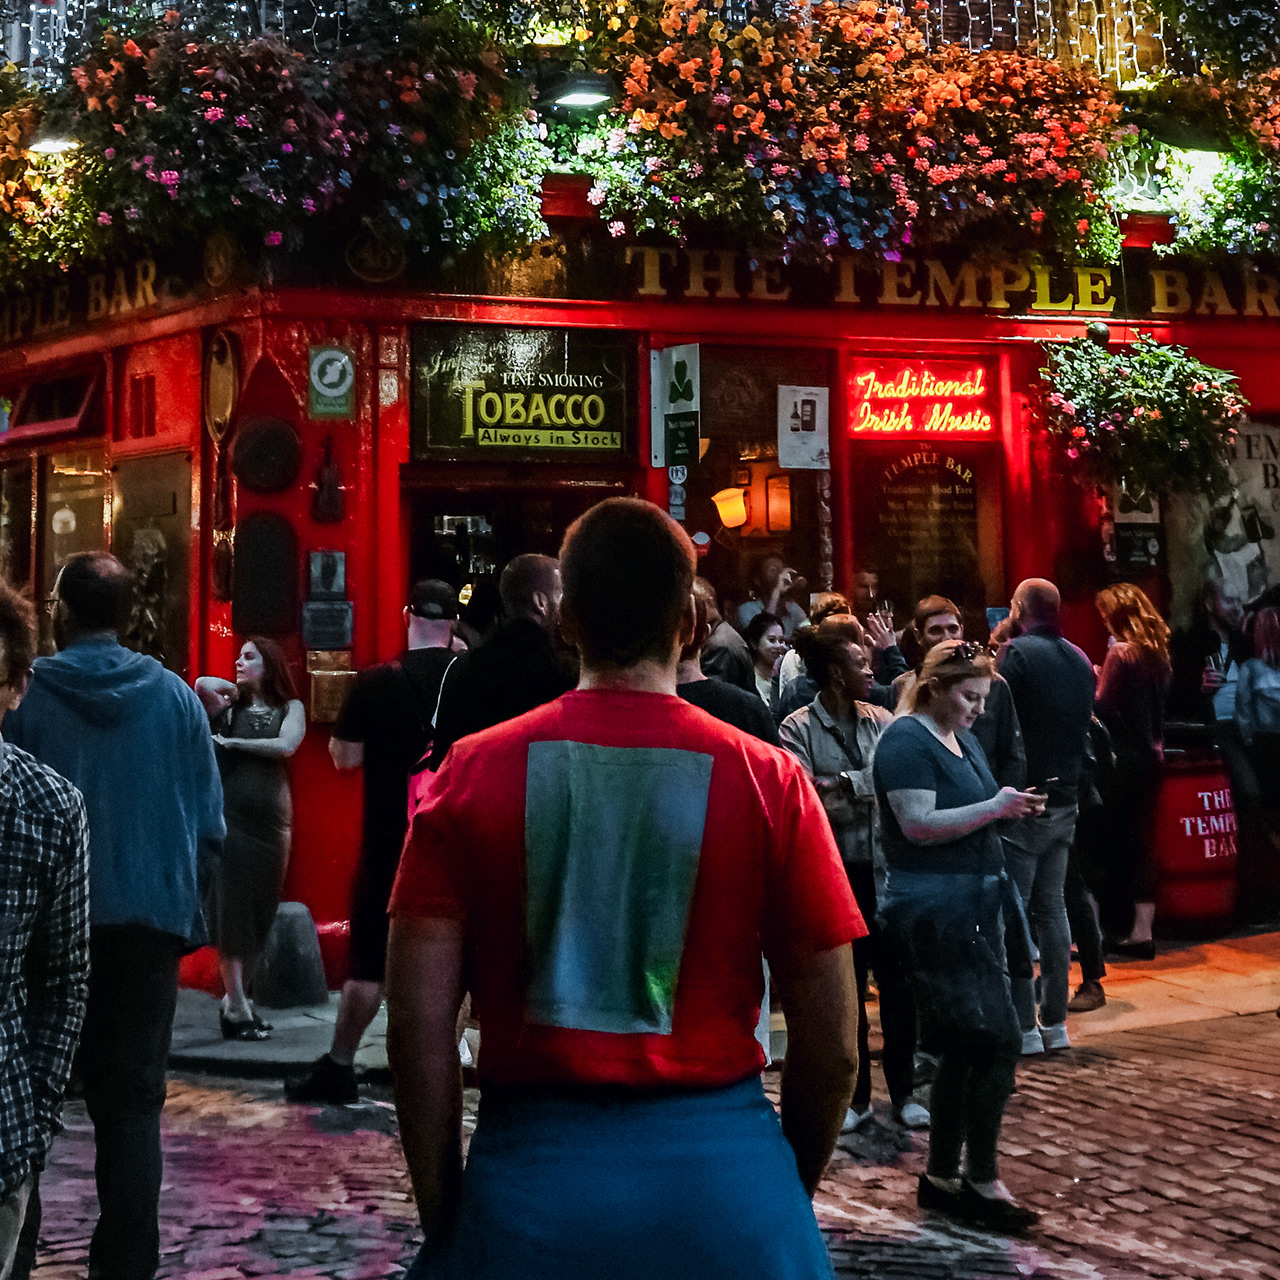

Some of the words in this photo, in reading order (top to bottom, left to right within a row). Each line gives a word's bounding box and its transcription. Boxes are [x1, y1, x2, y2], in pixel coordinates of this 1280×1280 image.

[86, 257, 158, 322] BAR
[624, 245, 792, 301] THE
[833, 254, 1116, 313] TEMPLE
[537, 373, 604, 389] SMOKING
[856, 368, 985, 400] Traditional
[459, 378, 606, 439] TOBACCO
[853, 401, 913, 432] Irish
[924, 402, 992, 432] Music
[480, 429, 541, 446] Always
[549, 436, 565, 447] in
[571, 429, 620, 447] Stock
[883, 451, 941, 481] TEMPLE
[945, 456, 973, 484] BAR
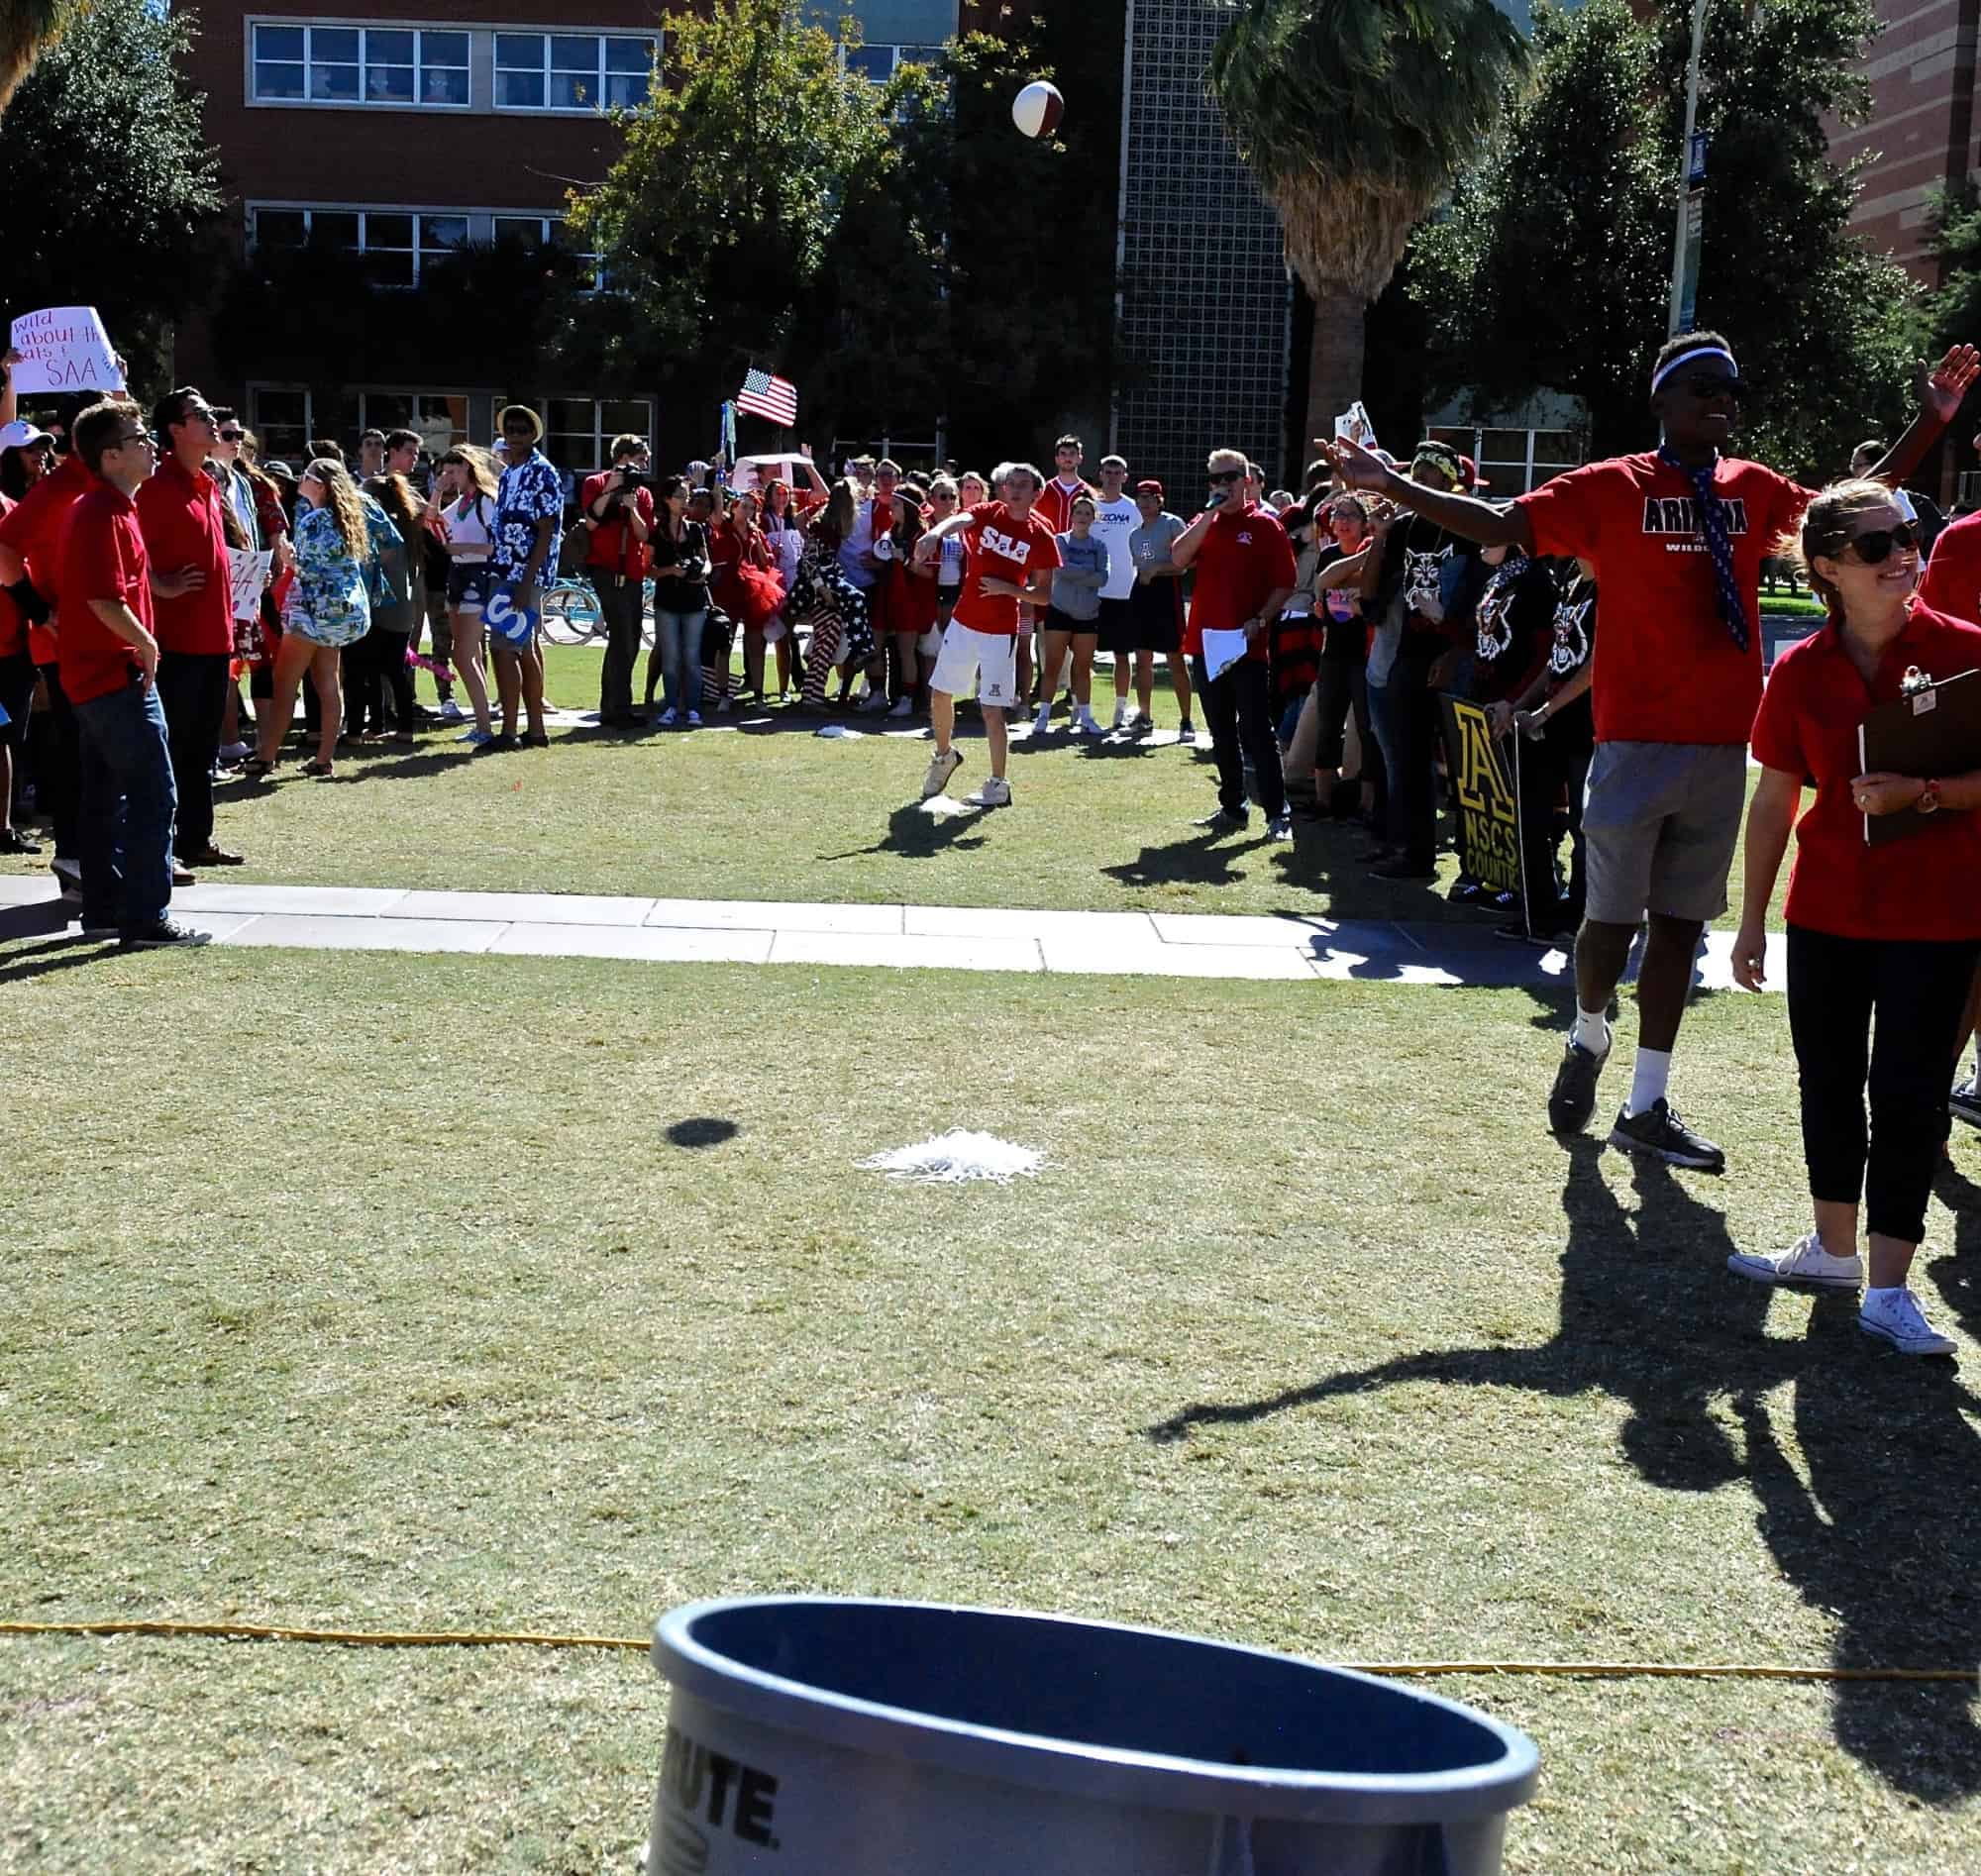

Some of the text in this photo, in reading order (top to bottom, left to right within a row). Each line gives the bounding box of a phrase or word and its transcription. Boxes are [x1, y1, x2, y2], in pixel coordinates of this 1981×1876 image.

[14, 310, 52, 334] wild
[20, 327, 74, 347] about
[46, 357, 97, 386] SAA
[486, 593, 528, 640] S
[1452, 701, 1515, 825] A
[1464, 808, 1517, 867] NSCS
[1466, 847, 1520, 890] COUNTR
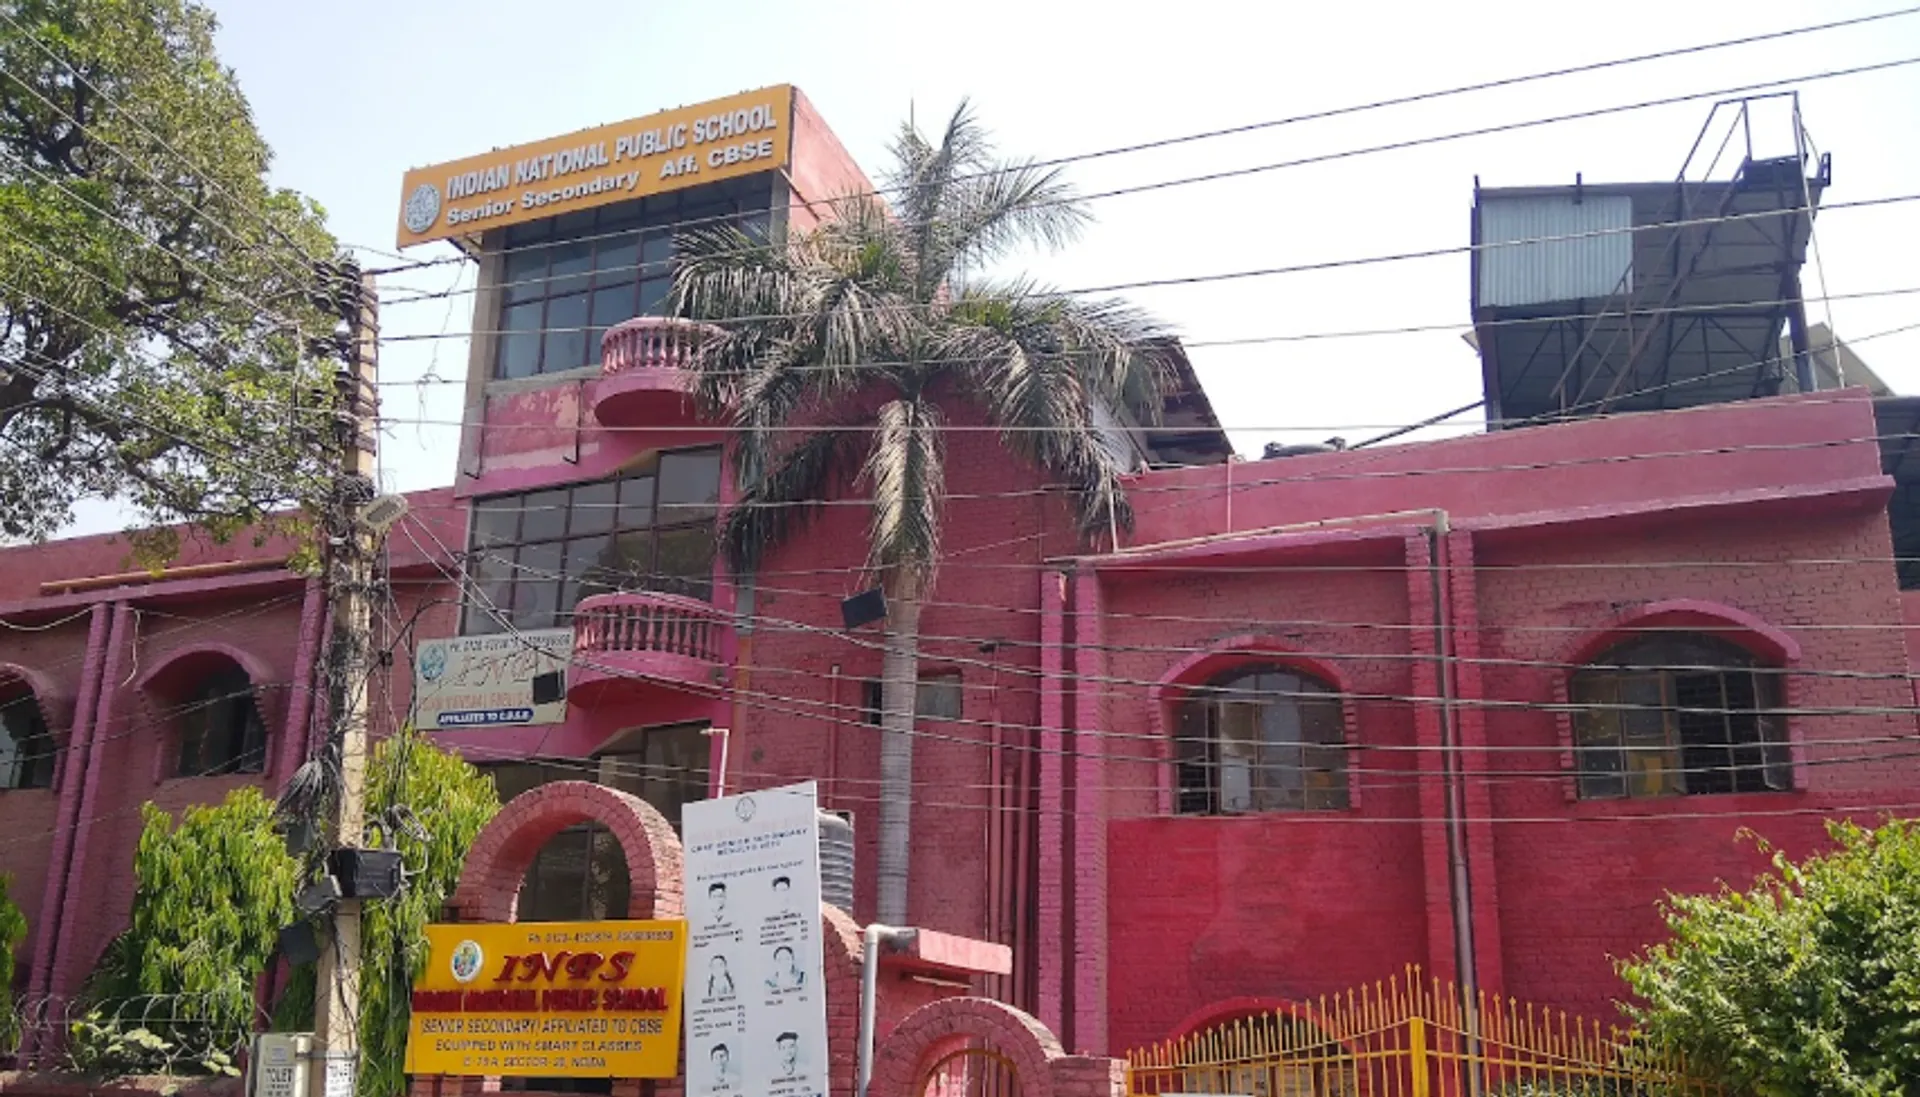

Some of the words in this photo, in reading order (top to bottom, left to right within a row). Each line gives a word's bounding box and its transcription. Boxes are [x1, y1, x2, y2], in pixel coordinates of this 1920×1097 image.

++++++++

* **REQUIRED ACTION**: Your reply should be the entries above, repeated exactly and free of pictures.

* **EXERCISE SOLUTION**:
Some of the words in this photo, in reading order (top to bottom, left to right within a row). Each line gives a word's bounding box and its transcription. Boxes are [x1, y1, x2, y2], in pixel coordinates of this 1280×1280 image.

[86, 257, 158, 322] BAR
[624, 245, 792, 301] THE
[833, 254, 1116, 313] TEMPLE
[537, 373, 604, 389] SMOKING
[856, 368, 985, 400] Traditional
[459, 378, 606, 439] TOBACCO
[853, 401, 913, 432] Irish
[924, 402, 992, 432] Music
[480, 429, 541, 446] Always
[549, 436, 565, 447] in
[571, 429, 620, 447] Stock
[883, 451, 941, 481] TEMPLE
[945, 456, 973, 484] BAR

Some of the text in this photo, in reading order (top to bottom, left to right within a row). Each line gives the bounding box of a phrase or word and its transcription. Boxes are [x1, y1, x2, y2], in pixel coordinates of this 1981×1876 image.

[14, 310, 52, 334] wild
[20, 327, 74, 347] about
[46, 357, 97, 386] SAA
[486, 593, 528, 640] S
[1452, 701, 1515, 825] A
[1464, 808, 1517, 867] NSCS
[1466, 847, 1520, 890] COUNTR

Some of the words in this photo, in reading order (top to bottom, left to right within a row). Each line gives a word's bounding box and its transcription. Boxes are [x1, y1, x2, y2], in pixel coordinates of this 1920×1097 image.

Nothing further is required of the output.